DX fits uneasily into the larger world of the Mario ports and/or remakes that Nintendo likes to line its nest with. Unlike Super Mario All-Stars and the Mario Advance series, DX's graphics and audio are taken straight from the NES games. Despite the unchanged visuals, though, the versions of Super Mario Bros. and The Lost Levels presented here aren't just slavish ports. Where All-Stars on Super NES aspired to near-exact reproductions of Mario's 8-bit adventures with beefier visuals, DX makes considerable tweaks to the games. That's "considerable" -- not necessarily "substantial." Level layouts, control physics, enemy behavior: they're all the same in DX as they had been on NES. At the same time, Nintendo performed a bit of chicanery through reprogramming: Yoshi's Island-style red coins were added to both games, five per level, and Luigi? was adapated to be more than a mere Mario palette-swap in the original Super Mario Bros.

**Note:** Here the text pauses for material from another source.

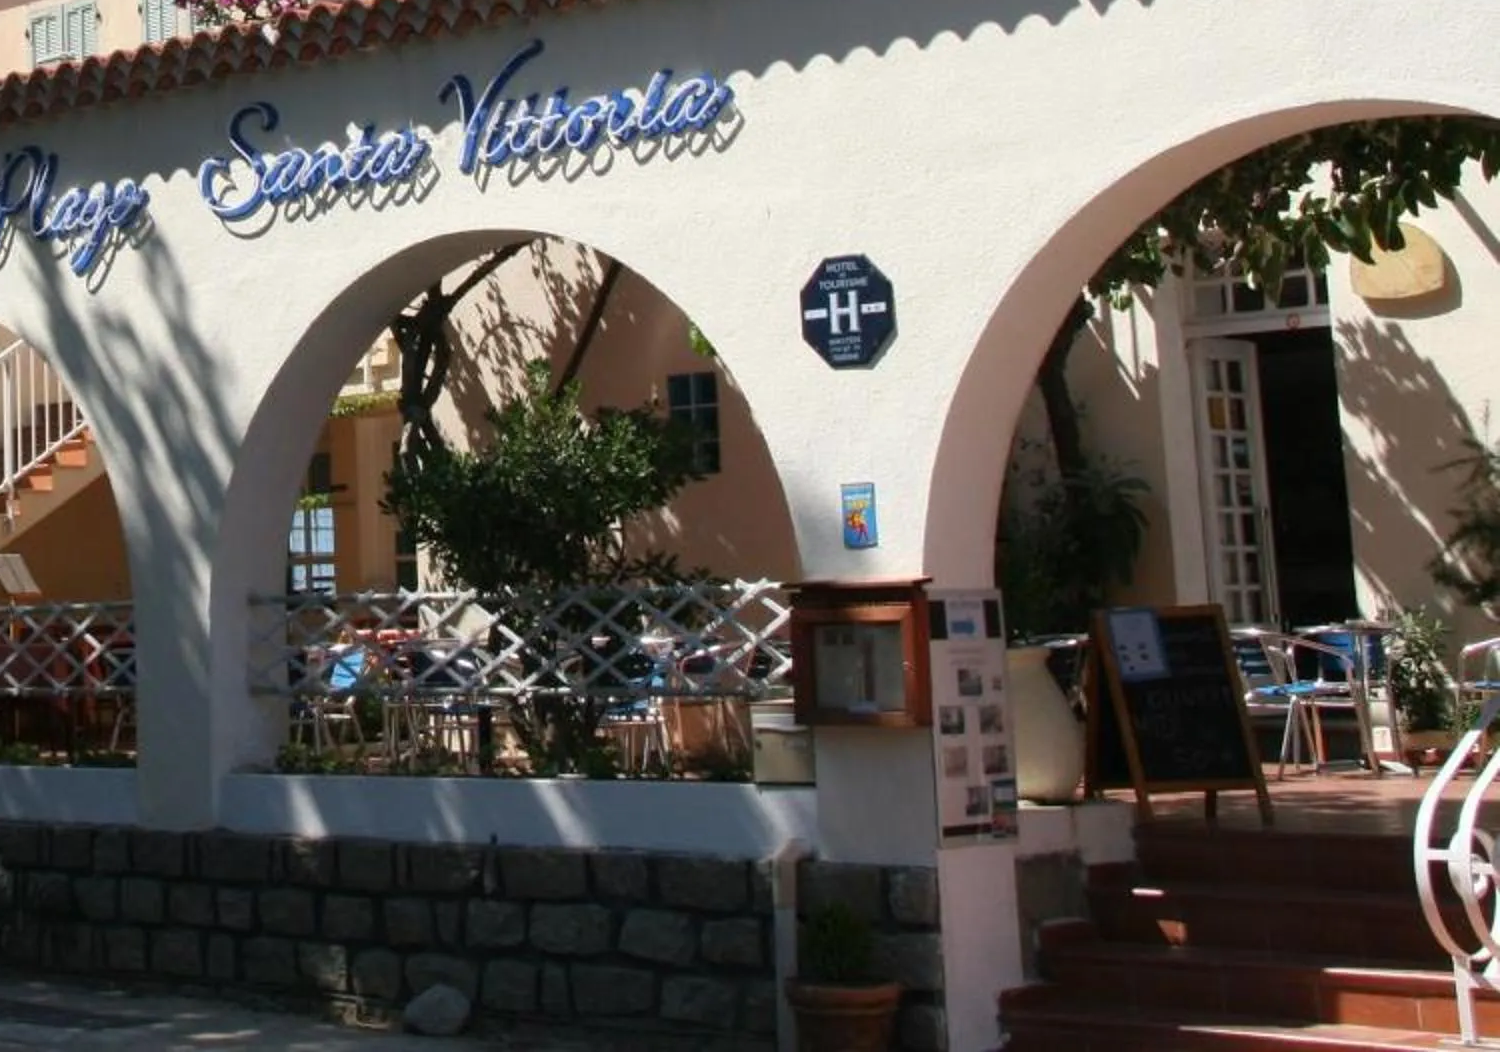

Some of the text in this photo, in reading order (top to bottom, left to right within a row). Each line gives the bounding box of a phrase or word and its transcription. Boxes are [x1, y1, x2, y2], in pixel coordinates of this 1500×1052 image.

[201, 101, 433, 221] Santa
[438, 39, 738, 177] Vittoria
[828, 290, 860, 334] H
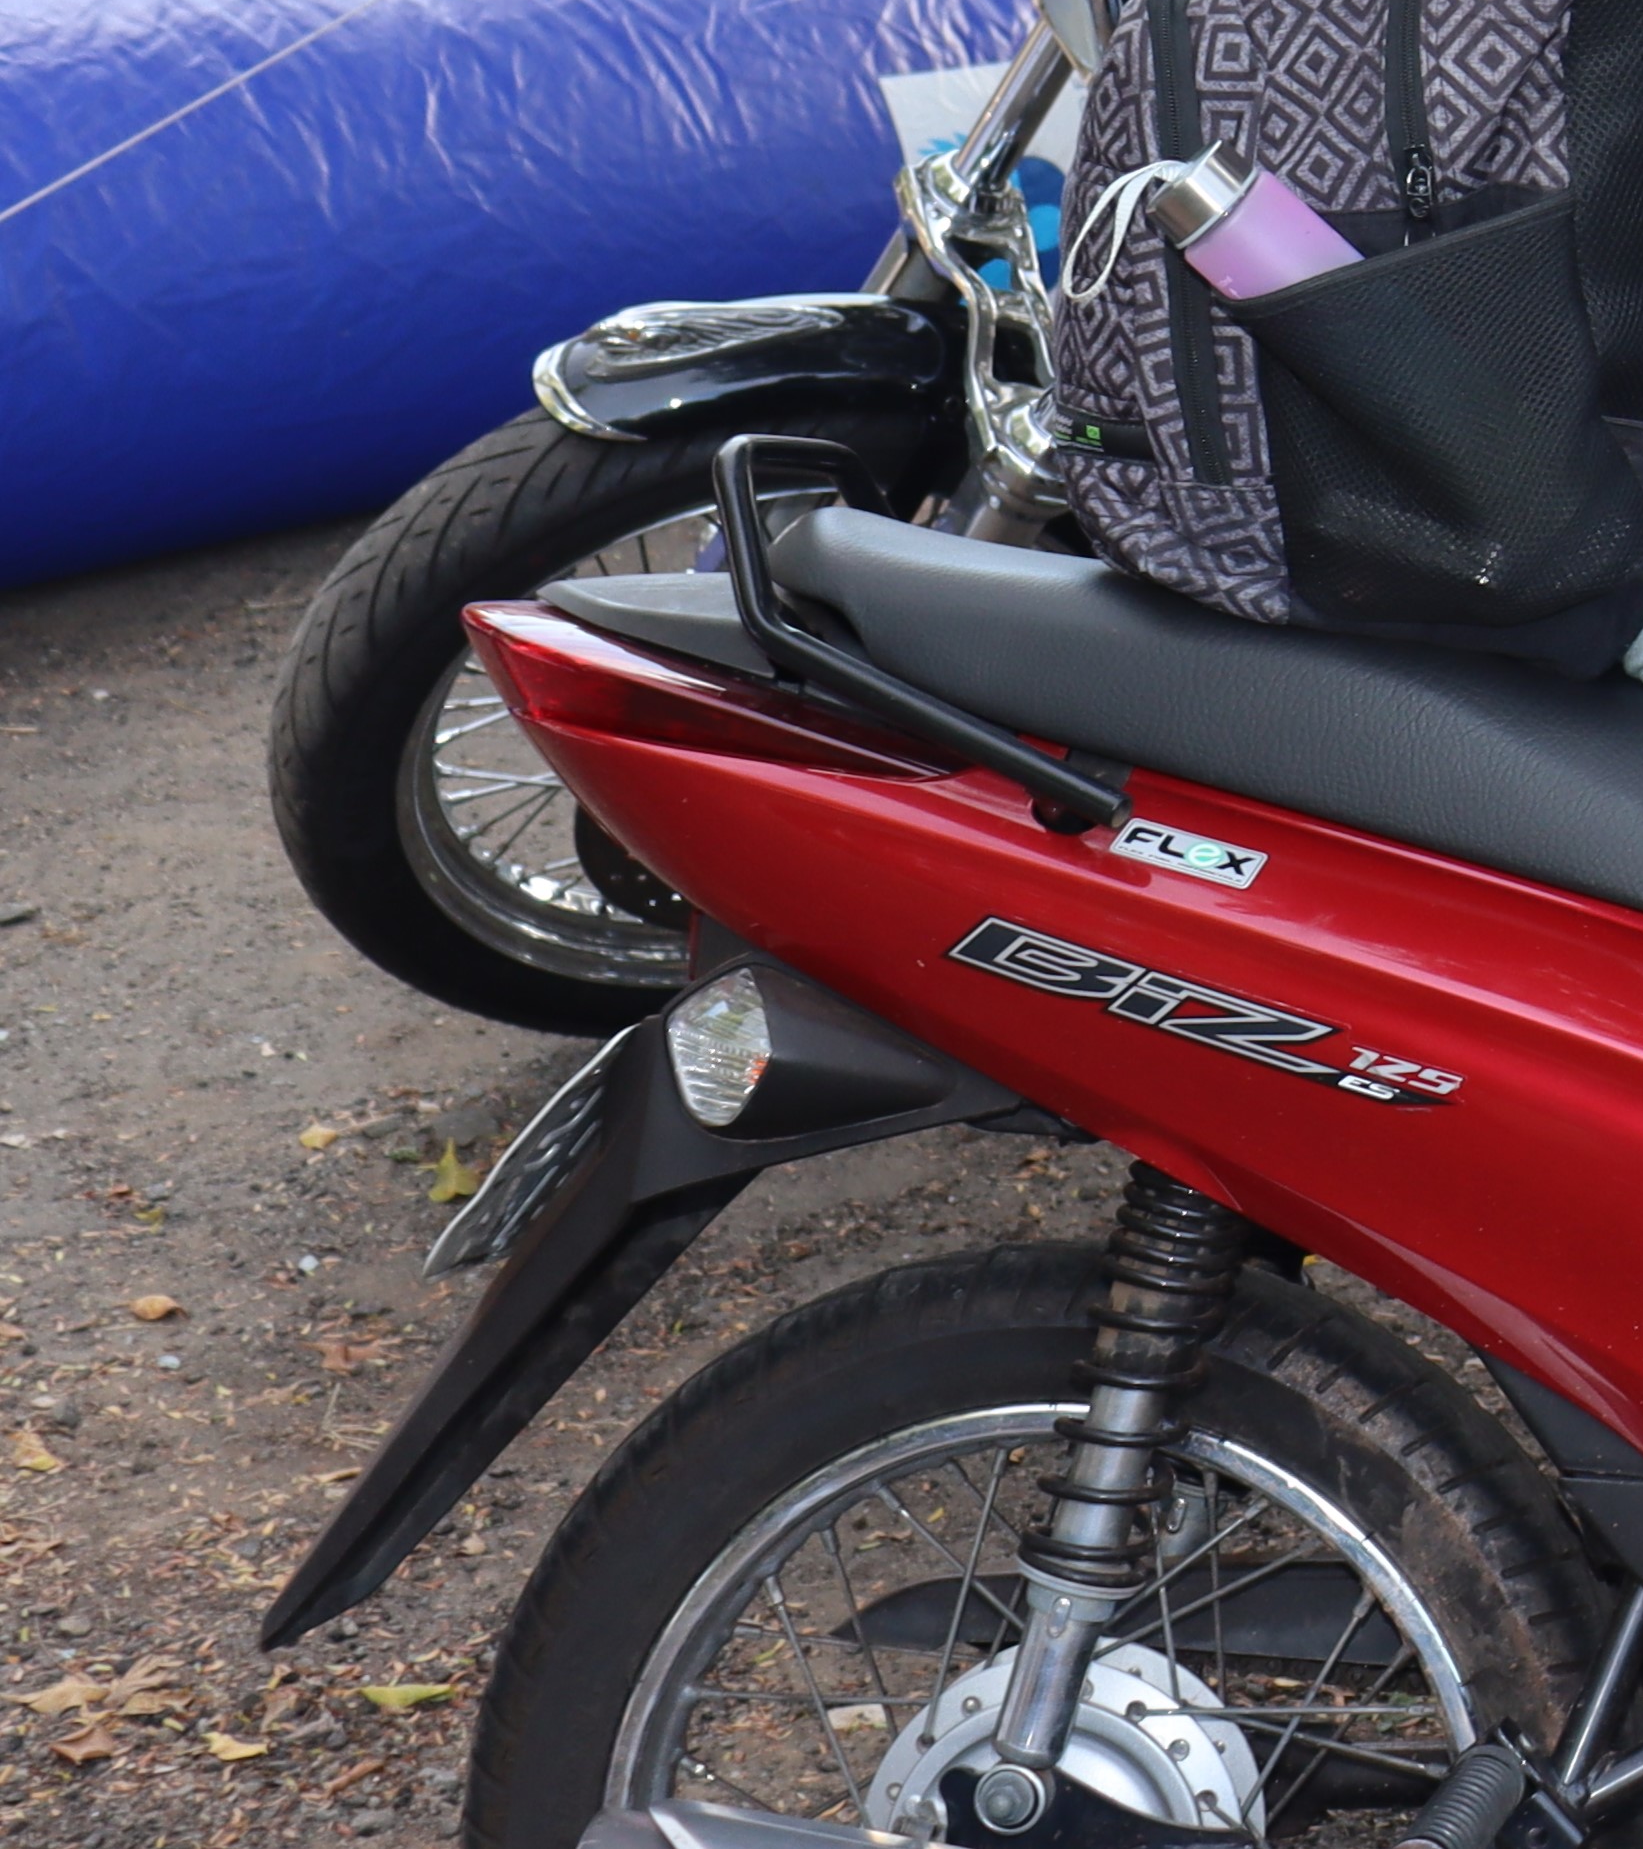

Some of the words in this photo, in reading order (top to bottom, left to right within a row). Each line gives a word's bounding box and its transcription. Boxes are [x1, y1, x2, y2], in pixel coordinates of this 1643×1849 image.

If all of this sounds similar to the Mario Advance series, that's perfectly fitting. Super Mario Bros. DX is probably best regarded as Super Mario Advance Zero, the prototype for the Game Boy Advance remakes that would arrive in the following years. There's a reason the Advance line skipped the first Super Mario Bros. and its Japanese sequel, and that reason is because they had already been released on GBC.
And no question about it, DX was an impressive sight to behold. For all that people complained about Nintendo's seeming complacency in launching the GBC as a modest upgrade to the original system, having a portable version of such an iconic game in portable form -- looking and sounding so absolutely perfect -- was the sort of thing to make a die-hard NES fan giddy. Granted, it also highlighted the system's shortcomings; as with so many direct NES ports, DX chafed at the restrictions of the GBC screen. Nintendo did make an effort to compensate for the screen cropping by giving players the ability to scroll up and down while standing motionless, but the feature was completely useless when it was needed most, i.e. when Mario was moving at breakneck speed. The later stages of Super Mario Bros., which required running leaps of faith the length of the NES screen onto tiny targets, were especially unforgiving. And The Lost Levels, already a grueling labor in its original incarnation, could be downright infuriating.
Even at its most frustrating, though, Super Mario Bros. DX was a concentrated dose of videogame happiness, a welcome sign of things to come. It was by far the most impressive Game Boy conversion of an NES game anyone had ever seen, and while playing console games on portable system wasn't precisely unheard of by that point, handheld consoles such as Nomad and Turbo Express had been unreasonably expensive. Here, though, was a faithful console conversion on the humble Game Boy -- a harbinger of far more impressive ports that would appear on subsequent portables.
Yeah, sure, most of Game Boy Advance's 16-bit remakes were lazily-programmed garbage, but that's just the nature of the medium. Super Mario Bros. DX spoke of handheld gaming's blossoming potential... and it was pretty fun on its own terms, too.